▶ [What the task requires]: Copy the records exactly. Every line must match.

▶ [Data for analysis]:
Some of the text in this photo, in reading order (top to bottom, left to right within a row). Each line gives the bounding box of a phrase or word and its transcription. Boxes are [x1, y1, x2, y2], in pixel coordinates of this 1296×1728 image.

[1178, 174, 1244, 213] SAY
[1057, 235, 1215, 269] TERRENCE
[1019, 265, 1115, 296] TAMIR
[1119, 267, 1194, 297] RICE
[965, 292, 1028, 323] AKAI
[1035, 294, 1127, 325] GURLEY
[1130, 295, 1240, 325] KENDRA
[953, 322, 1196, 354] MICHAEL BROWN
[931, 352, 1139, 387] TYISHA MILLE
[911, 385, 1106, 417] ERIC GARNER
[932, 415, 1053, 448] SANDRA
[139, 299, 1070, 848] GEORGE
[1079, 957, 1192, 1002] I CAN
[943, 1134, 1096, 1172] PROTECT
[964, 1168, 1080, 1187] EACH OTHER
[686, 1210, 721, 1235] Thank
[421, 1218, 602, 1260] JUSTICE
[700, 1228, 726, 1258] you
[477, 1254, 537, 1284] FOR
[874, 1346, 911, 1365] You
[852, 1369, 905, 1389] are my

▶ [Written answer]:
Some of the text in this photo, in reading order (top to bottom, left to right within a row). Each line gives the bounding box of a phrase or word and its transcription. Boxes are [x1, y1, x2, y2], in pixel coordinates of this 1296×1728 image.

[1178, 174, 1244, 213] SAY
[1057, 235, 1215, 269] TERRENCE
[1019, 265, 1115, 296] TAMIR
[1119, 267, 1194, 297] RICE
[965, 292, 1028, 323] AKAI
[1035, 294, 1127, 325] GURLEY
[1130, 295, 1240, 325] KENDRA
[953, 322, 1196, 354] MICHAEL BROWN
[931, 352, 1139, 387] TYISHA MILLE
[911, 385, 1106, 417] ERIC GARNER
[932, 415, 1053, 448] SANDRA
[139, 299, 1070, 848] GEORGE
[1079, 957, 1192, 1002] I CAN
[943, 1134, 1096, 1172] PROTECT
[964, 1168, 1080, 1187] EACH OTHER
[686, 1210, 721, 1235] Thank
[421, 1218, 602, 1260] JUSTICE
[700, 1228, 726, 1258] you
[477, 1254, 537, 1284] FOR
[874, 1346, 911, 1365] You
[852, 1369, 905, 1389] are my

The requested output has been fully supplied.